Actually, Sonnet 20 has basically the same rhyme scheme:

A woman's face with nature's own hand painted (A)
Hast thou, the master-mistress of my passion; (B)
A woman's gentle heart, but not acquainted (A)
With shifting change, as is false woman's fashion; (B)
An eye more bright than theirs, less false in rolling, (C)
Gilding the object whereupon it gazeth; (D)
A man in hue all hues in his controlling, (C)
Which steals men's eyes and women's souls amazeth. (D)
And for a woman wert thou first created; (A)
Till Nature, as she wrought thee, fell a-doting, (E)
And by addition me of thee defeated, (A)
By adding one thing to my purpose nothing. (E)
But since she prick'd thee out for woman's pleasure, (F)
Mine be thy love, and thy love's use their treasure. (F)

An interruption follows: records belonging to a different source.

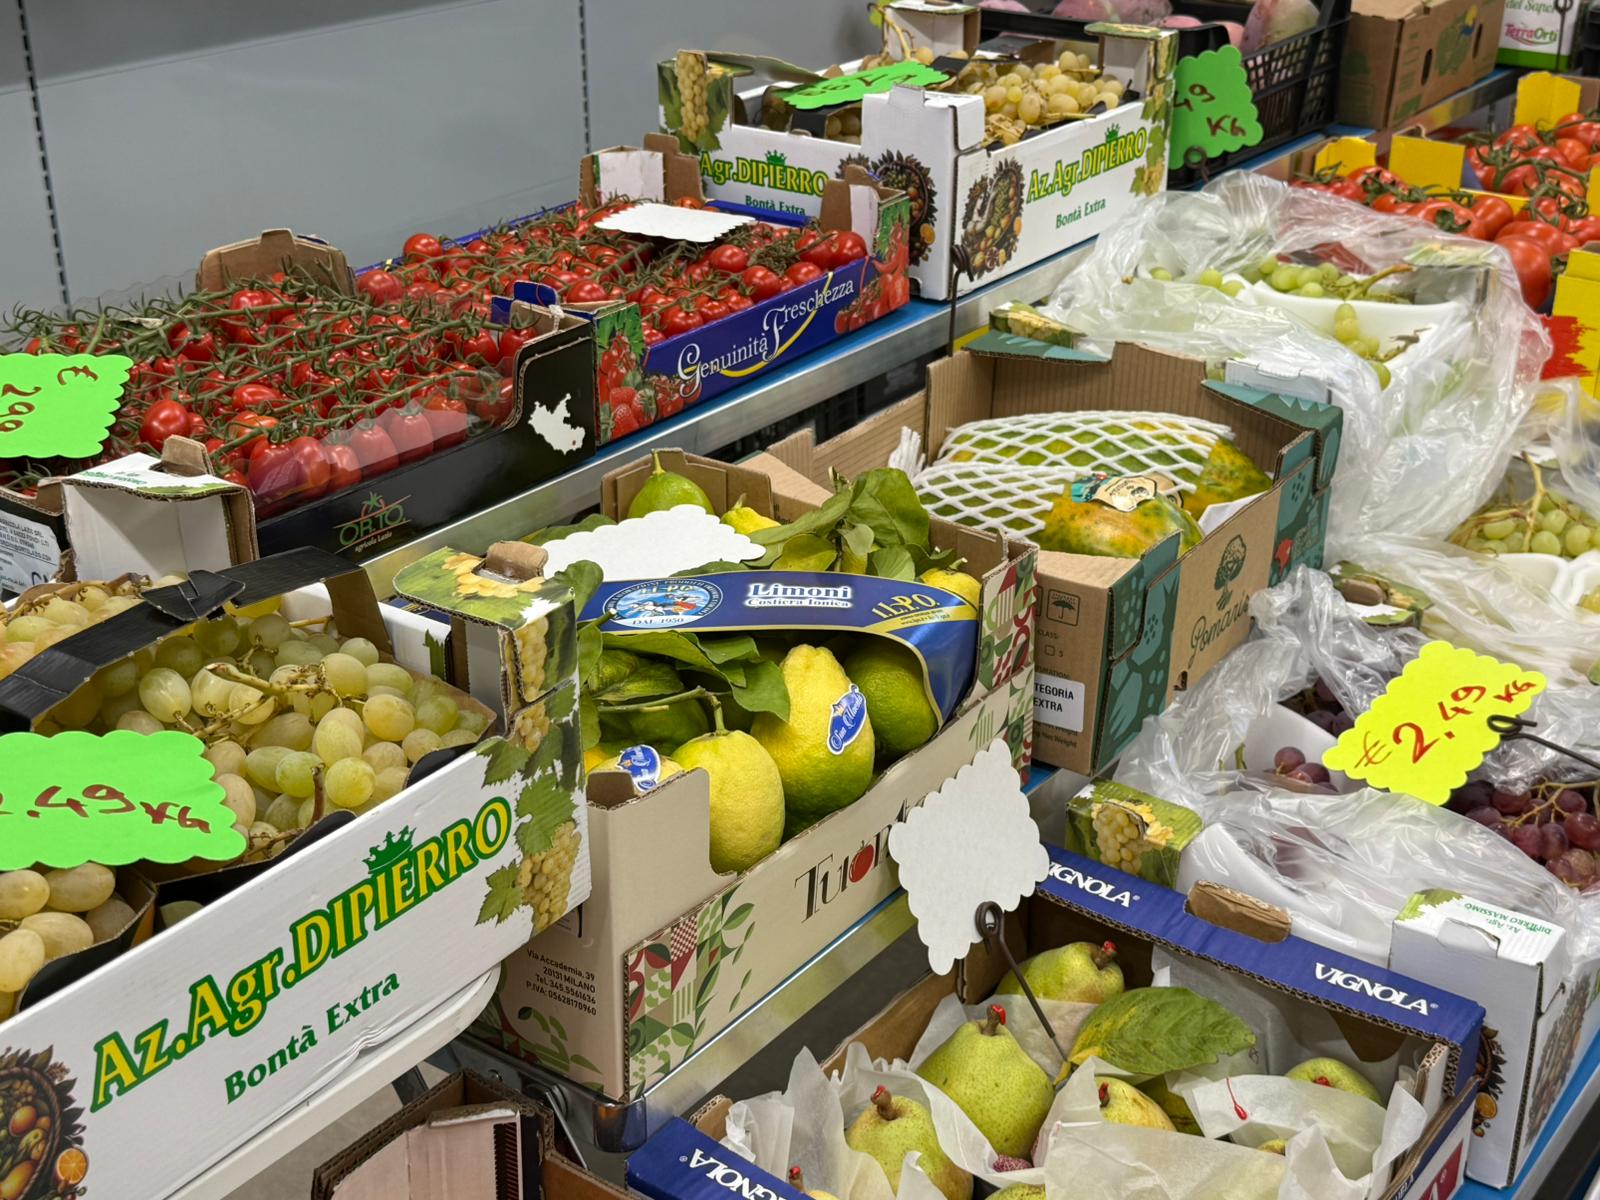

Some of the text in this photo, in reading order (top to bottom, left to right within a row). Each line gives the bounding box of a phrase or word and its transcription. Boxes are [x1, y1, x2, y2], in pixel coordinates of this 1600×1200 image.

[745, 194, 806, 216] Bontà Extra
[1055, 198, 1106, 229] Bontà Extra
[677, 279, 854, 398] Genuinità Freschezza
[746, 598, 850, 607] Costiera Ionica
[748, 582, 853, 600] Limoni
[1033, 697, 1064, 713] EXTRA
[1354, 730, 1392, 769] €
[1392, 685, 1487, 764] 2.49
[1464, 902, 1508, 920] MASSIMO
[90, 796, 512, 1112] Az.Agr.DIPIERRO
[527, 949, 540, 960] Via
[585, 970, 595, 981] 39
[543, 966, 596, 993] 20131 MILANO
[1315, 962, 1428, 1016] VIGNOLA
[224, 972, 399, 1104] Bontà Extra
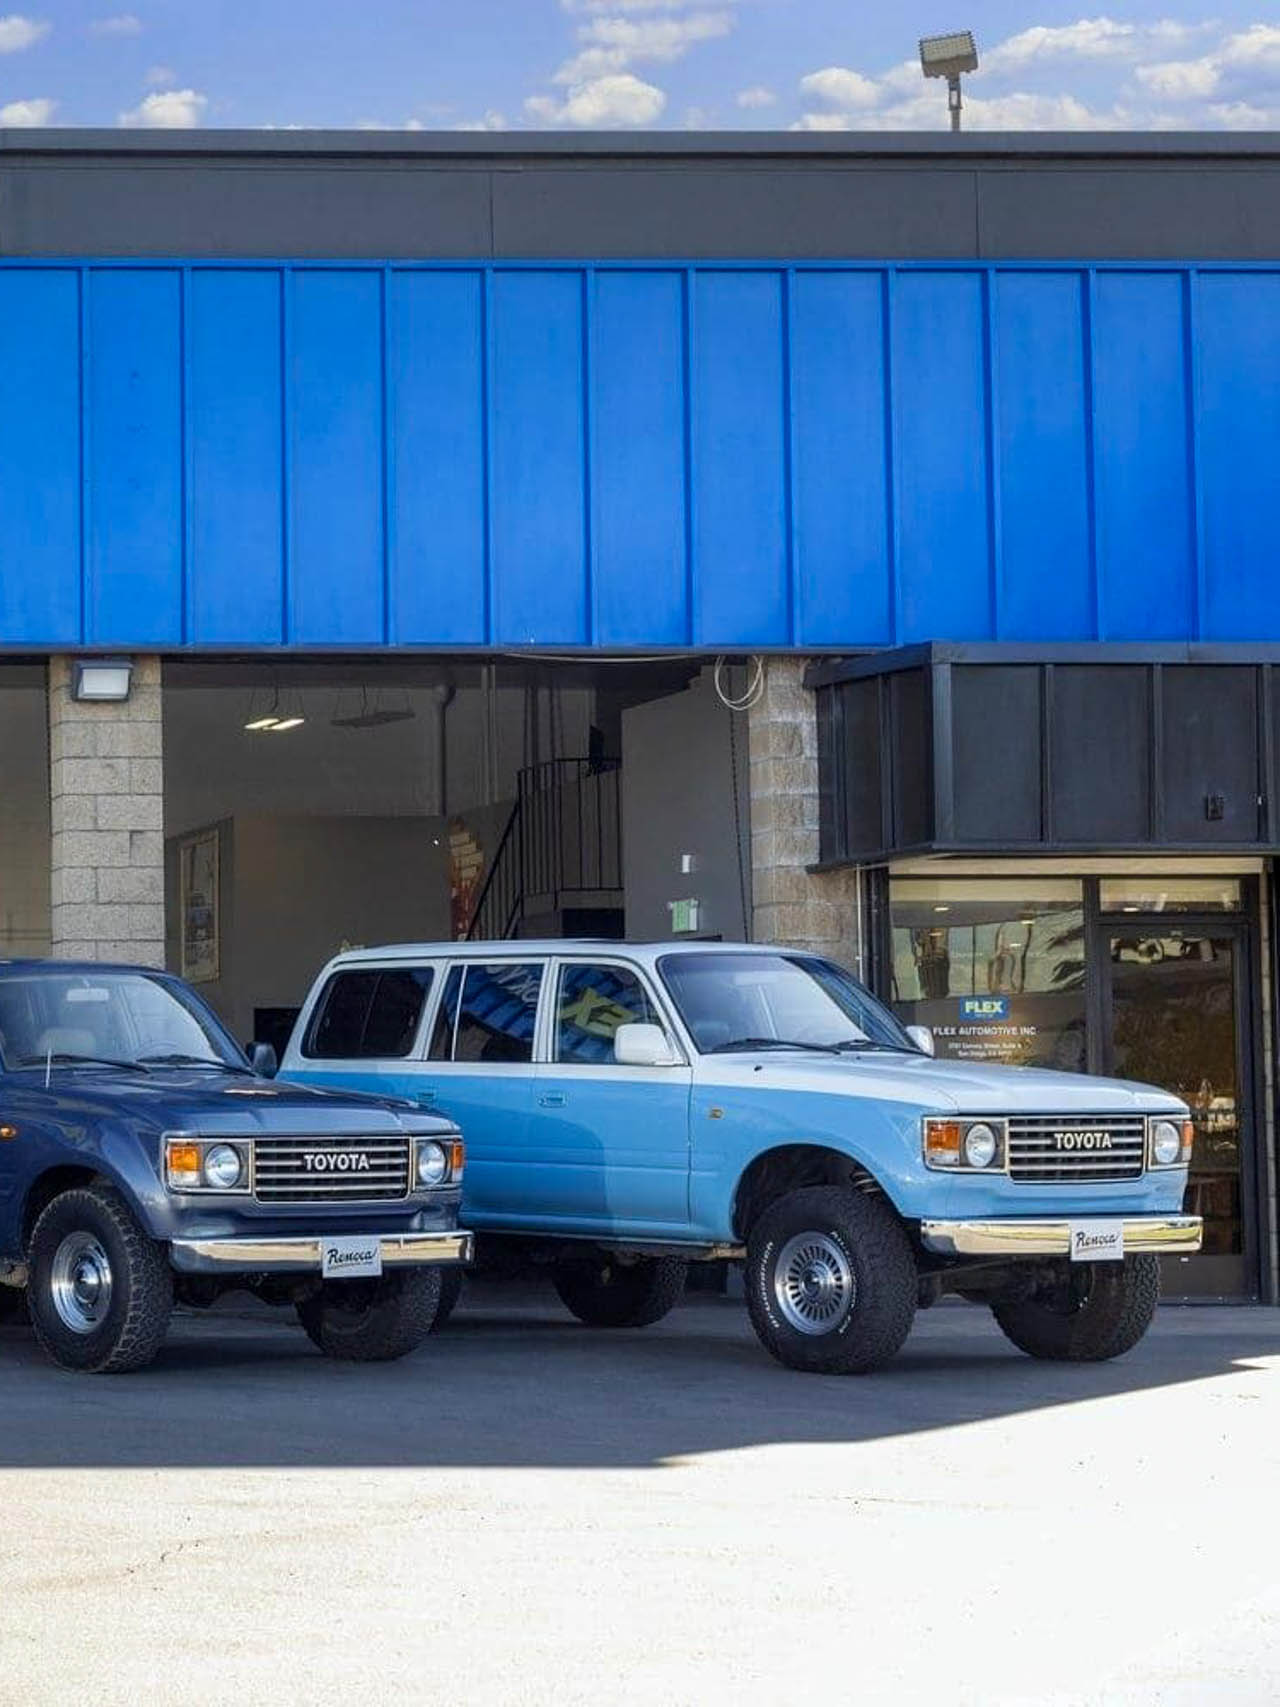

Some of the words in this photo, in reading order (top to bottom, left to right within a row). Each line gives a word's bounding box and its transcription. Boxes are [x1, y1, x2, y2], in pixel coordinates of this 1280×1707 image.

[965, 1001, 1004, 1013] FLEX
[933, 1027, 956, 1036] FLEX
[959, 1026, 1018, 1036] AUTOMOTIVE
[1053, 1132, 1113, 1150] TOYOTA
[303, 1153, 370, 1171] TOYOTA
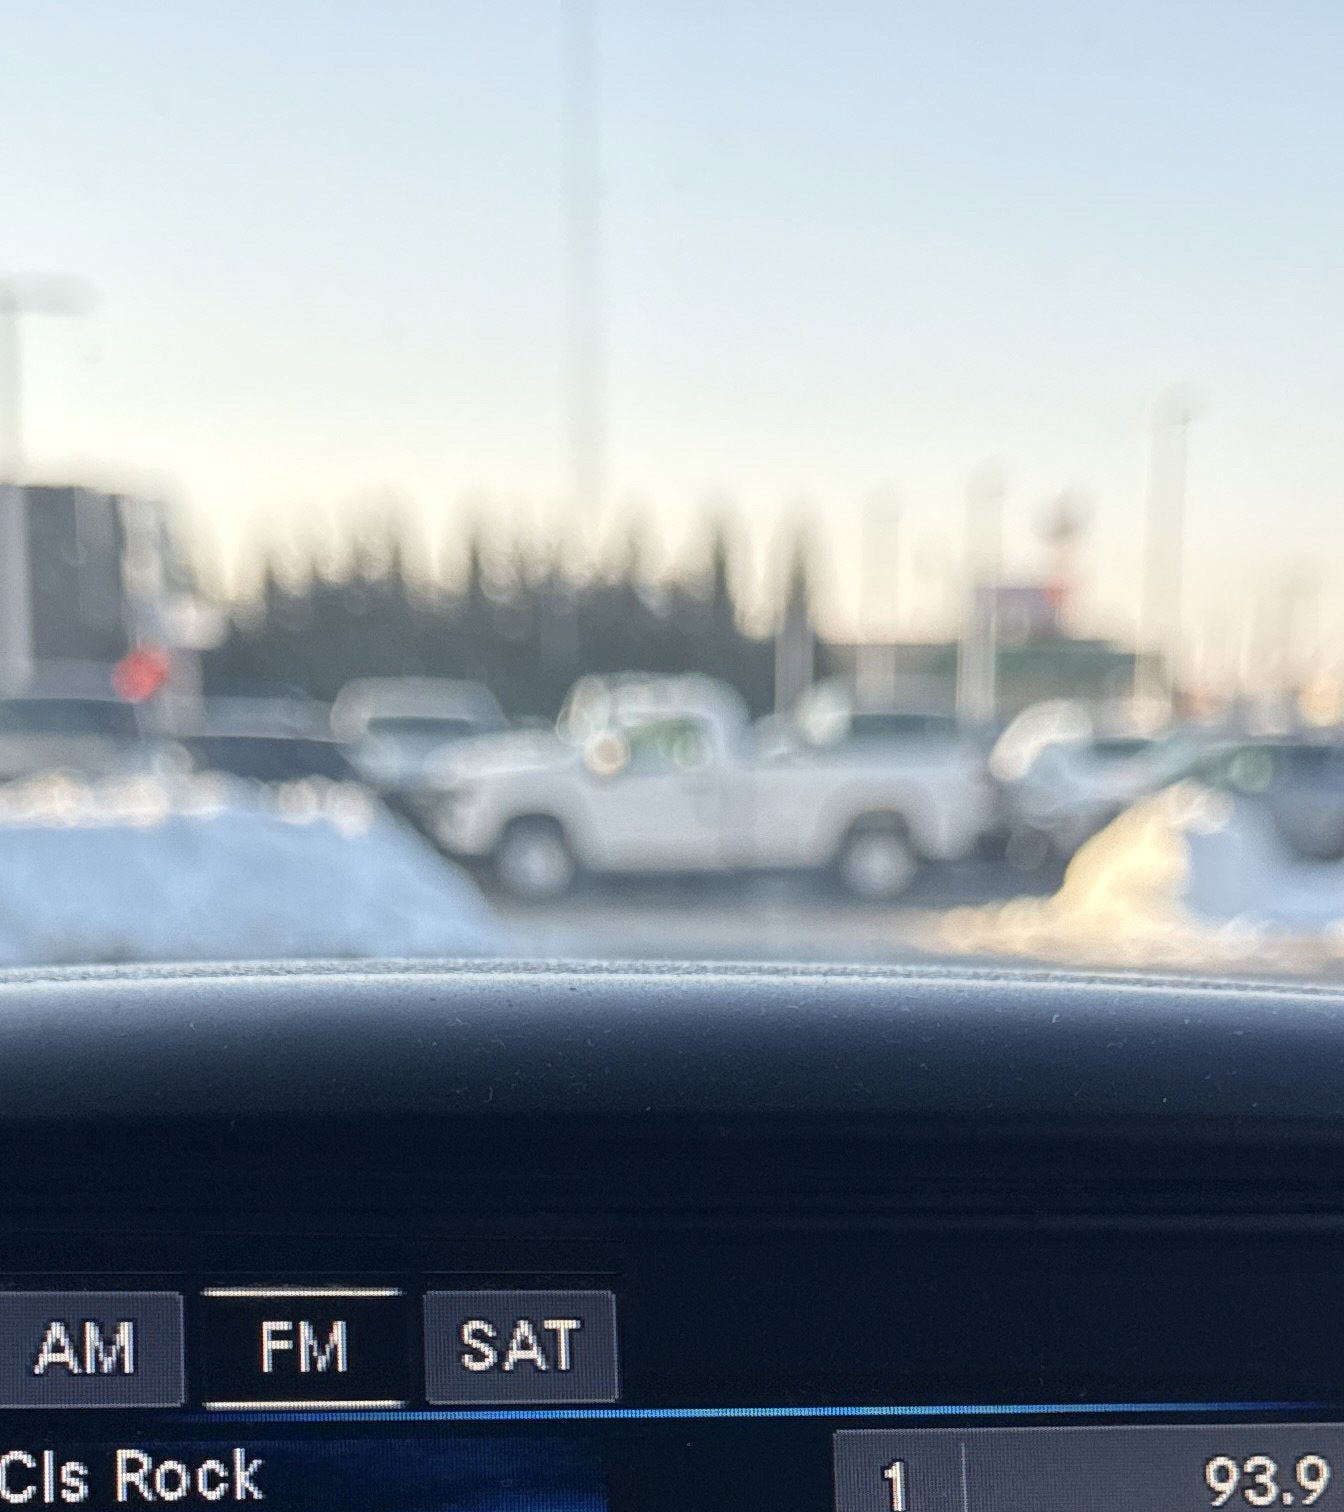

I wouldn't go so far as to say this form is irregular, either for Shakespeare or for Renaissance sonnets. It's more or less ABAB for twelve lines and a rhyming couplet. The fact that one end rhyme is used more than twice is not necessarily remarkable. There's no rule which says that a sonnet's 14 lines must be composed of 7 distinct end sounds.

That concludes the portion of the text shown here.